I want a battery-powered impact. Years ago, I received a Milwaukee battery-powered rotary drill powered by the M12 FUEL battery type. It'd be convenient to stick with that for the impact, but they've only got the wee ones that handle just 250 lb/ft. I have an air impact driver than handles ~1k lb/ft and my question is if I get this 250 lb/ft driver, will I be busting out the air driver more often than not to handle stuff? I've been doing a lot of maintenance for my buddies, like brakes and whatnot, and I have a lot of suspension work to do on my 2005 Pilot.

nitsuga
Jan 1, 2007

scuz posted:

Impact driver question!

I want a battery-powered impact. Years ago, I received a Milwaukee battery-powered rotary drill powered by the M12 FUEL battery type. It'd be convenient to stick with that for the impact, but they've only got the wee ones that handle just 250 lb/ft. I have an air impact driver than handles ~1k lb/ft and my question is if I get this 250 lb/ft driver, will I be busting out the air driver more often than not to handle stuff? I've been doing a lot of maintenance for my buddies, like brakes and whatnot, and I have a lot of suspension work to do on my 2005 Pilot.

I think it’ll depend on how rusty of stuff you’re looking at. It’s going to have its limits, but I’d think the 1/2” would still be pretty capable. The M18 impact wrenches are more powerful, and you can get some good deals on them on eBay. Something worth considering too.

scuz
Aug 29, 2003

You can't be angry ALL the time!




Fun Shoe

nitsuga posted:

I think it’ll depend on how rusty of stuff you’re looking at. It’s going to have its limits, but I’d think the 1/2” would still be pretty capable. The M18 impact wrenches are more powerful, and you can get some good deals on them on eBay. Something worth considering too.

Ah, should have mentioned that this car has spent its whole life in either North Dakota or Minnesota (where I live), so rust abounds.

Edit (again:) Looks like this subject is being brought up in the tools thread so it might be better answered there. Thanks all the same, nitsuga!

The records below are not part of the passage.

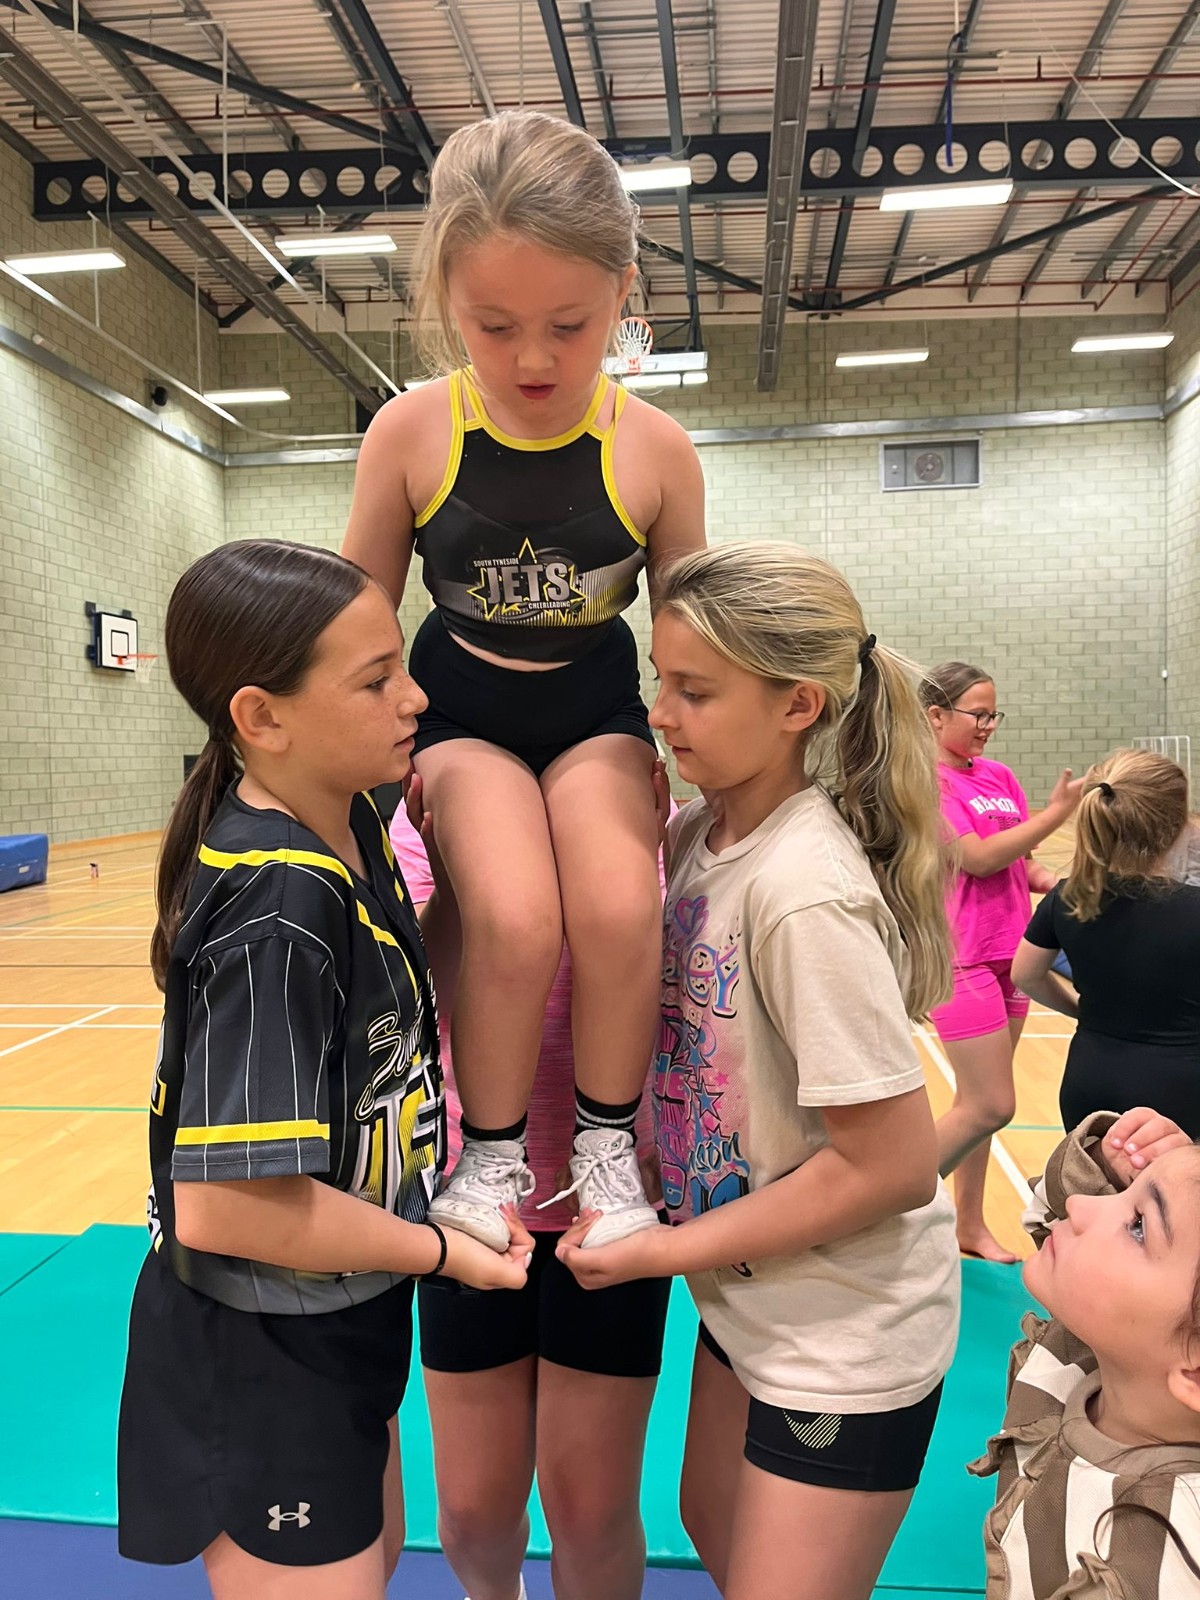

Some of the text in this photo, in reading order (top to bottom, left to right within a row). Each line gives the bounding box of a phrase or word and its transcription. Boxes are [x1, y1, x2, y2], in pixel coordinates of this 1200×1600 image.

[473, 557, 520, 567] SOUTH TYNESIDE
[485, 562, 570, 604] JETS
[528, 601, 571, 609] CHEERLEADING
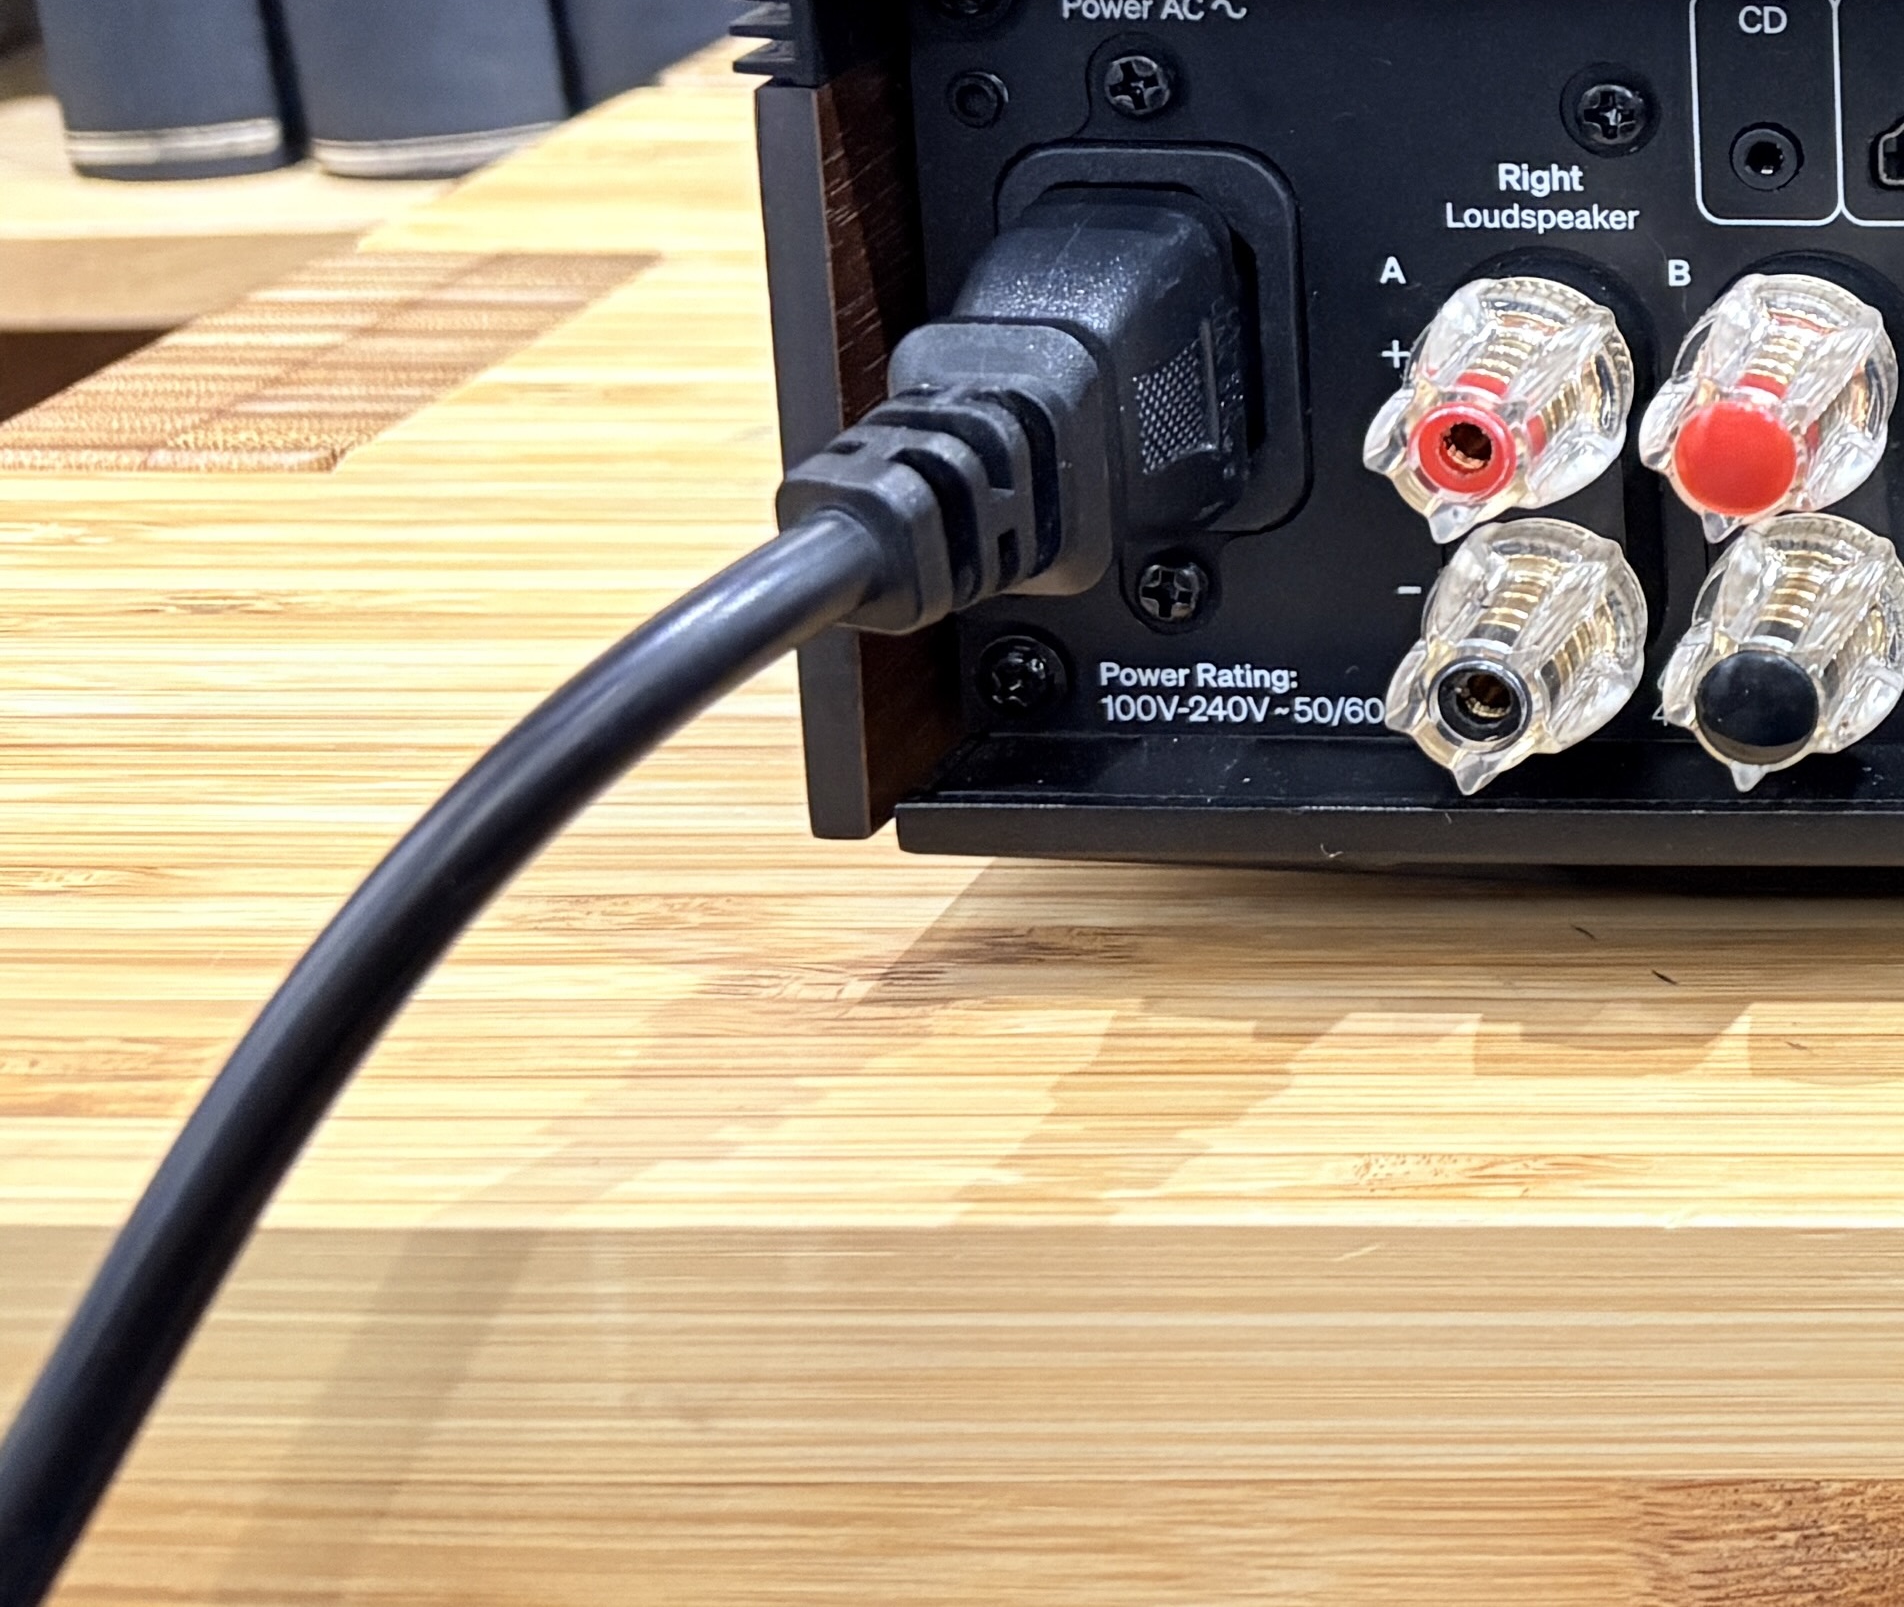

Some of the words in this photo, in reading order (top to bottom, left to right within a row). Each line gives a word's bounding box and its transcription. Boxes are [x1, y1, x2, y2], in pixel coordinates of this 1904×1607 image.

[1738, 5, 1788, 34] CD
[1497, 162, 1585, 198] Right
[1445, 201, 1640, 235] Loudspeaker
[1379, 256, 1407, 285] A
[1667, 259, 1692, 287] B
[1099, 661, 1191, 688] Power
[1195, 662, 1298, 694] Rating:

scuz fucked around with this message at 16:52 on Mar 16, 2021

randomidiot
May 12, 2006

by Fluffdaddy

(and can't post for 11 years!)

I mean, on a cordless you're not going to get too much higher than that without going to something off of the tool truck (Snap On claims 600 ft/lbs).

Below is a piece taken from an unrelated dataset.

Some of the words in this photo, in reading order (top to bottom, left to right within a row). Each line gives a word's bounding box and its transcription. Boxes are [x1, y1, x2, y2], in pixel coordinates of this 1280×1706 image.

I have a Ryobi that claims 300 ft/lbs, I've learned the hard way that it just means it'll snap bolts a little quicker. Even on my old rustheap car, it did pretty decent. Air tools did the job a lot faster so long as I had enough air, but I don't even have the luxury of decent power in my garage (apartment garage), so I'm stuck with cordless everything that I can charge inside unless I go to the DIY garage across town.


forget what I said, I'm totally wrong.

randomidiot fucked around with this message at 21:33 on Mar 16, 2021

monsterzero
May 12, 2002
-=TOPGUN=-
Boys who love airplanes :respek: Boys who love boys
Lipstick Apathy
The current red high-torque model does 1,400ft-lb (nut bustin) and my older 2763 does 700ft-lbs (both claimed idk in reality) and has been a complete game changer. I can't remember the last time it wouldn't undo a fastener that wasn't already rounded or turbofucked somehow. At $300 it's a steal and like one moderate DIY job will pay for it.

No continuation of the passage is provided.